I grew up in Texas and it might be easy for folks in your part of the world to realize why an artist may no longer remain in Texas. I’m sure the news has travelled widely about the social problems in that state. To say that people in this part of America are downright hostile to anything different or outside their strict and intolerant worldview is to speak mildly of the everyday tragedy that occurs there. In my teenage years, I worked at a radio station that was bombed off the air twice by members of the Ku Klux Klan, once before I went to work there and once after I had left. Around those days I came to Berkeley, California, a far more socially tolerant place that fit me more comfortably because I was interested in studying Fine Arts, and through a series of events I wound up becoming involved in writing poetry.

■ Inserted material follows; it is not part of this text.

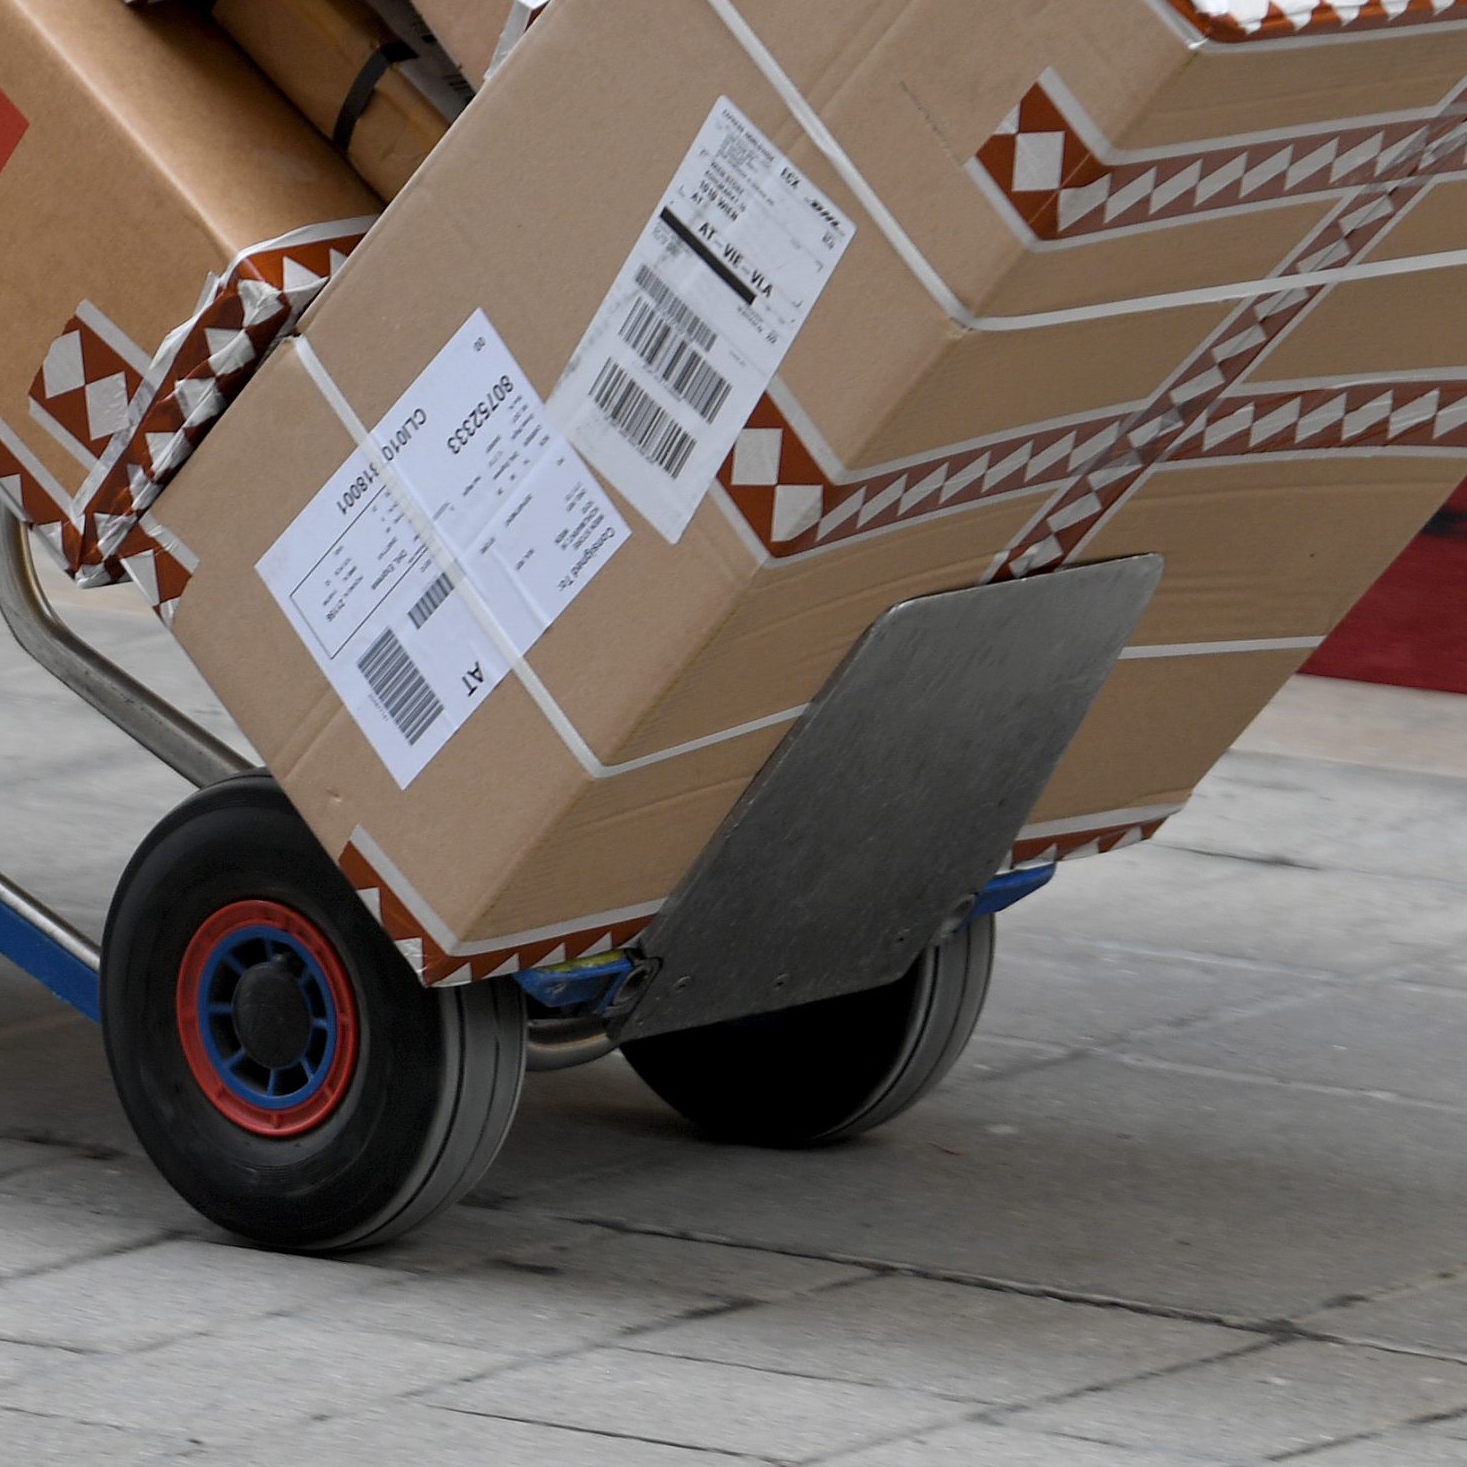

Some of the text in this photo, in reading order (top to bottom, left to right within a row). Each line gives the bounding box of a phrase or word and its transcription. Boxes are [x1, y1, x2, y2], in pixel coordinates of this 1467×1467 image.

[447, 375, 513, 454] 80752333
[570, 526, 615, 577] Consigned
[461, 661, 483, 696] AT

Currently, my aspiration would be to make a stronger connection with respect to Romanian culture and European culture and to integrate myself more fully into the realm of arts around the world and hope to do the same thing by familiarizing Americans with the works that are happening and being created by their contemporaries from faraway places and across our country. I would say the most important thing I would like to share is my desire to connect to humanity. I am influenced by ancient Eastern thought. This is not to say that I strictly adhere to any organized system of values. Life is a practice and sometimes when you find a way to help others, you wind up helping yourself.
One of the most interesting details in your biography and career is your title as Poet Laureate of California. Can you explain what that means? What does it entail?
I was honoured by the National Beat Poetry Foundation, https://nationalbeatpoetryfoundation.org/. This is different from state or city-sponsored laureates. The founder of the organization has a great interest in lifting up contemporary poets. They honour poets around the world for their poetry, work as artists, and the work of these artists in their community that helps to make the world a better place. It is an honour among peers. It does entail more work beyond the concerns of creating poetry. The details of this work vary by artist depending upon their social commitments.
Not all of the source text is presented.